Ia mengklaim cara pemberian obat AHA dan ANA cukup mudah. Obat terapi tersebut cukup disemprotkan ke dalam paruh ayam dengan dosis sekitar satu milliliter. Dari hasil penelitiannya, apabila obat tersebut diberikan maksimal dua hari sejak virus Flu Burung menginfeksi tubuh ayam, maka obat AHA dan ANA dapat menghambat 80 hingga 100 persen pertumbuhan virus AI. Sehingga, ayam tersebut bisa diselamatkan dari kematian.
Menurutnya, kedua jenis obat tersebut memiliki fungsi yang berbeda. Obat AHA digunakan untuk mencegah menempelnya virus AI ke dalam sel. Sedangkan, obat ANA digunakan untuk mencegah keluarnya virus AI dari sel. Obat tersebut akan berfungsi optimal bila diberikan maksimal dua hari sejak virus AI menginfeksi tubuh ayam.

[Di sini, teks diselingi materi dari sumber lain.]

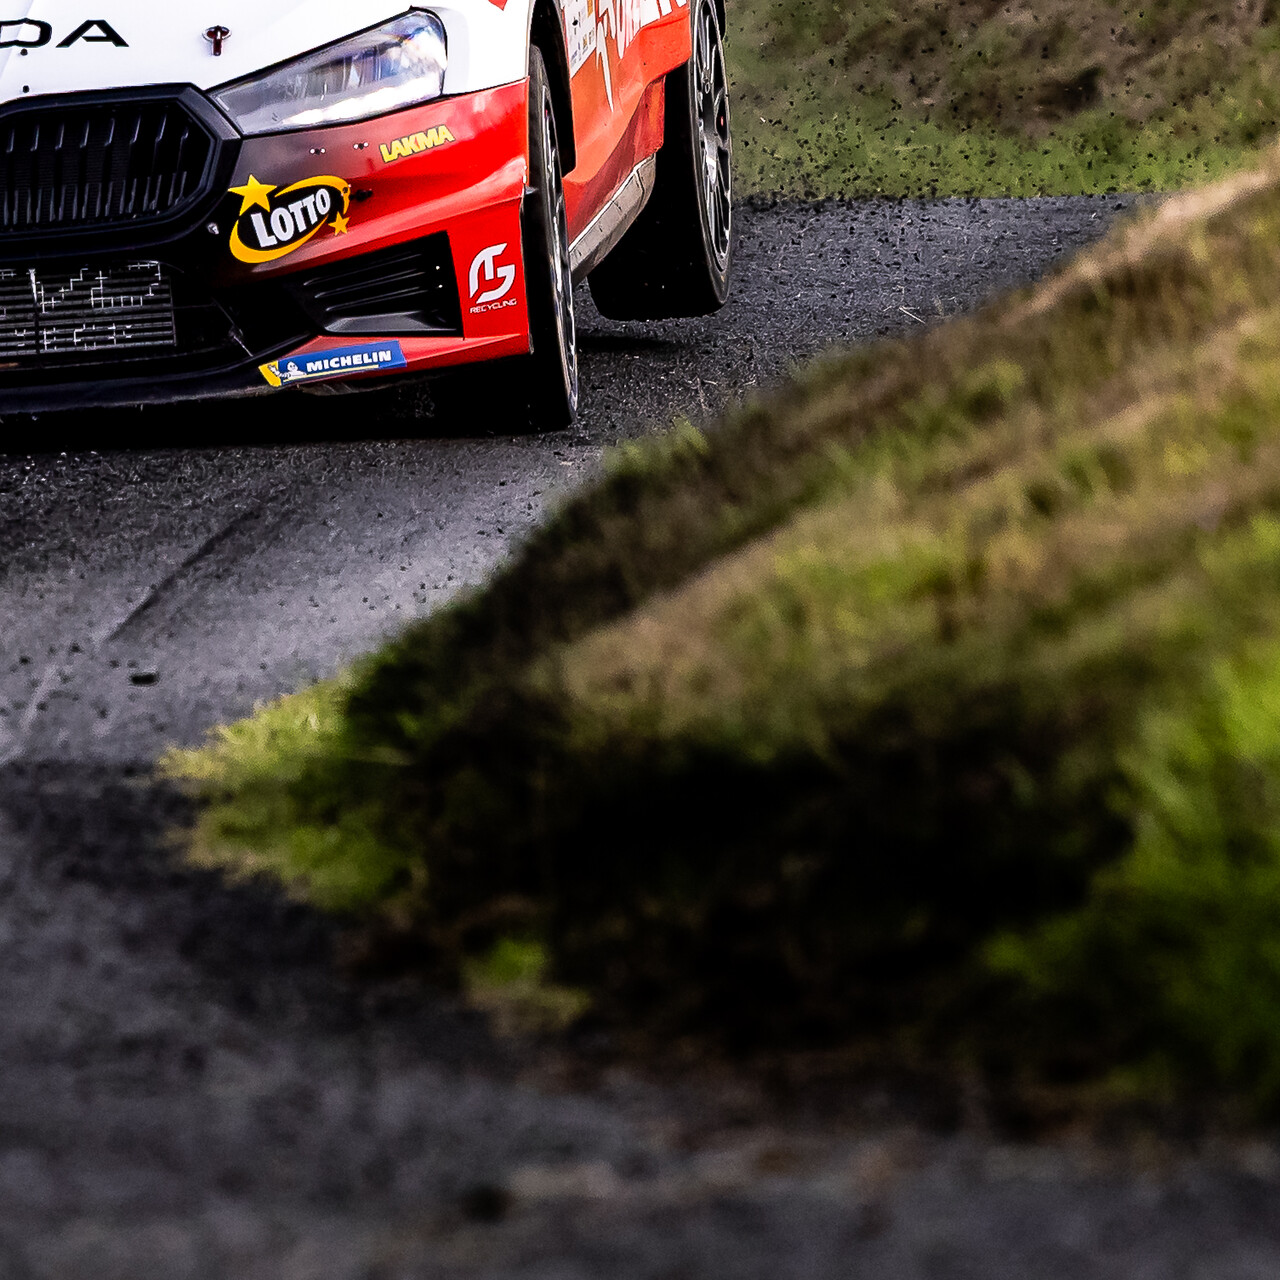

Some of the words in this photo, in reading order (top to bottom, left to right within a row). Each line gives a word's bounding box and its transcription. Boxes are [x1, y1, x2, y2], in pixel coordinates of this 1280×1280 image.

[379, 124, 454, 163] LAKMA
[251, 188, 331, 248] LOTTO
[469, 298, 517, 314] RECYCLING
[306, 350, 392, 372] MICHELIN
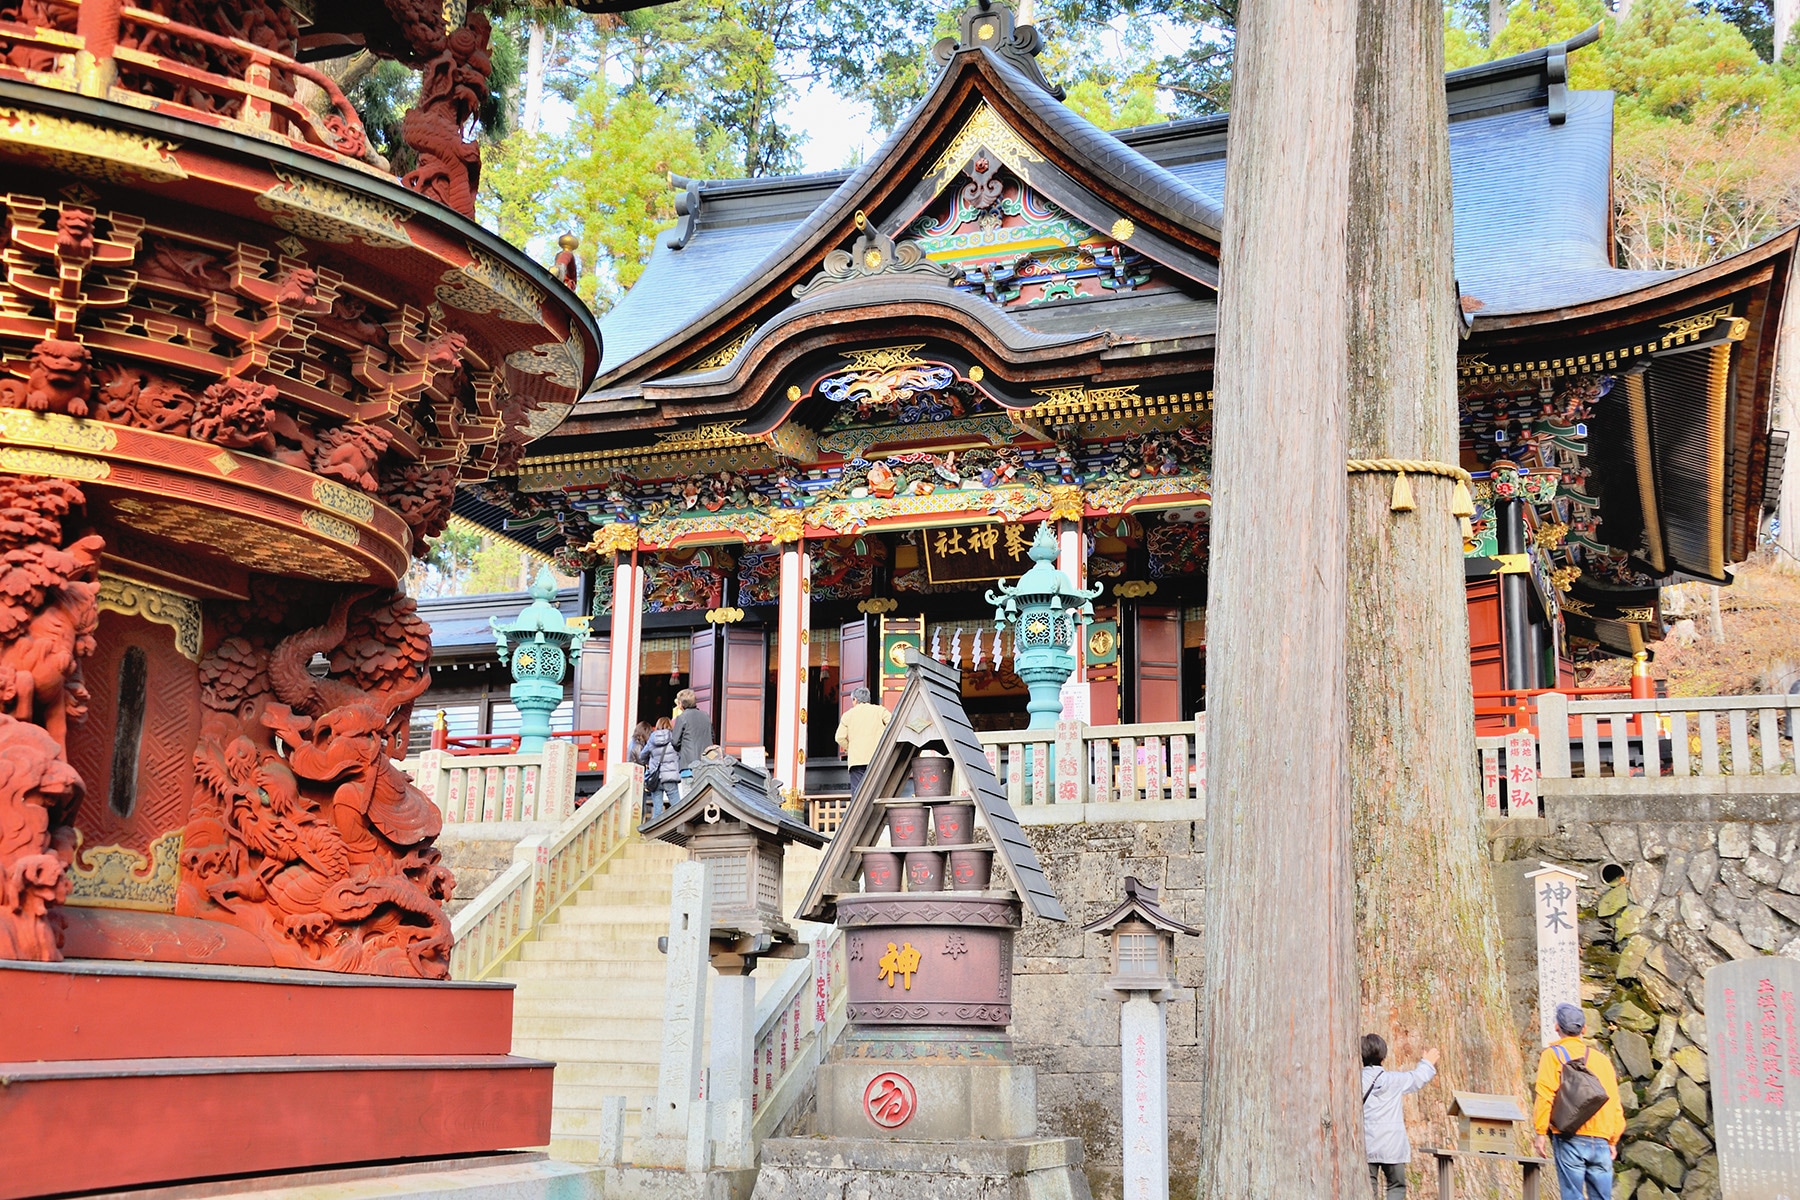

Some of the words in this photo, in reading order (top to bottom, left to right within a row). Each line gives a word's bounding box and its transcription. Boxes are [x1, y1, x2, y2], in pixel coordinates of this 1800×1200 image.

[1510, 764, 1534, 808] 松弘
[1539, 881, 1574, 934] 神木
[877, 942, 922, 990] 神

Namun, bila lebih dari dua hari, penggunaan dua obat ini perlu dikombinasikan.
“Kalau sudah lebih dari dua hari sudah agak sulit. Makanya kita kombinasikan. Jadi, ketika virus keluar dari sel, kita tangkap dengan AHA. Ini supaya virusnya tidak menempel dalam sel. Kalau berkembangbiak, virus keluar dari sel, maka akan ditangkap dengan ANA,” imbuh dosen yang memiliki sembilan hak paten tersebut.
Riset mengenai ekstrak kuning telur yang digunakan untuk mengobati ayam yang terinfeksi virus AI dimulai sejak 2009. Obat ini sudah diuji coba pada ayam-ayam yang terinfeksi virus AI di peternakan ayam di Blitar, Malang, dan beberapa wilayah terjangkit lainnya. Dari beberapa kali uji coba di lapangan, pada kasus-kasus sedang, antibodi tersebut mampu menghambat pertumbuhan virus hingga 60 persen.
Keunggulan lainnya AHA dan ANA mampu mengobati virus dengan risiko kematian tinggi atau Highly Pathogenic AI (HPAI) dan risiko rendah atau Low Pathogenic AI (LPAI) Virus. Selain itu, obat AHA dan ANA bisa mengobati berbagai virus AI subtipe H5N1, H5N9, dan H5N2.
“Kalau ayam terinfeksi HPAI pasti mati. HPAI tidak menunjukkan gejala, tapi kalau tubuhnya diisolasi, hasilnya positif. Seringkali, mahasiswa koas (co-assistant) menemukan itu di laboratorium,” imbuh pria yang menjadi anggota Tim Komisi Obat Hewan Direktorat Jenderal Peternakan dan Kesehatan Hewan, Kementerian Pertanian RI itu.
Suwarno mengakui, produk buatannya sudah dilirik oleh sejumlah perusahaan. Namun, ia menganggap kemasan obat AHA dan ANA masih perlu disempurnakan. Sebab, jika obat tersebut dimanfaatkan untuk populasi yang besar, ia masih perlu menambah netto setiap kemasan.
“Tujuannya biar lebih praktis. Karena awalnya dibuat individual, kita bikin yang spray (semprot). Kalau mau efektif, ya, tinggal dilarutkan dalam air. Tidak sampai dua jam, pasti akan air tersebut akan dihabiskan sama ayam. Jadi, prinsipnya mirip dengan vaksinasi,” ungkapnya. Ia berharap, dengan adanya obat AHA dan ANA ini, kerugian akibat wabah penyakit virus Flu Burung di Indonesia dapat terus berkurang.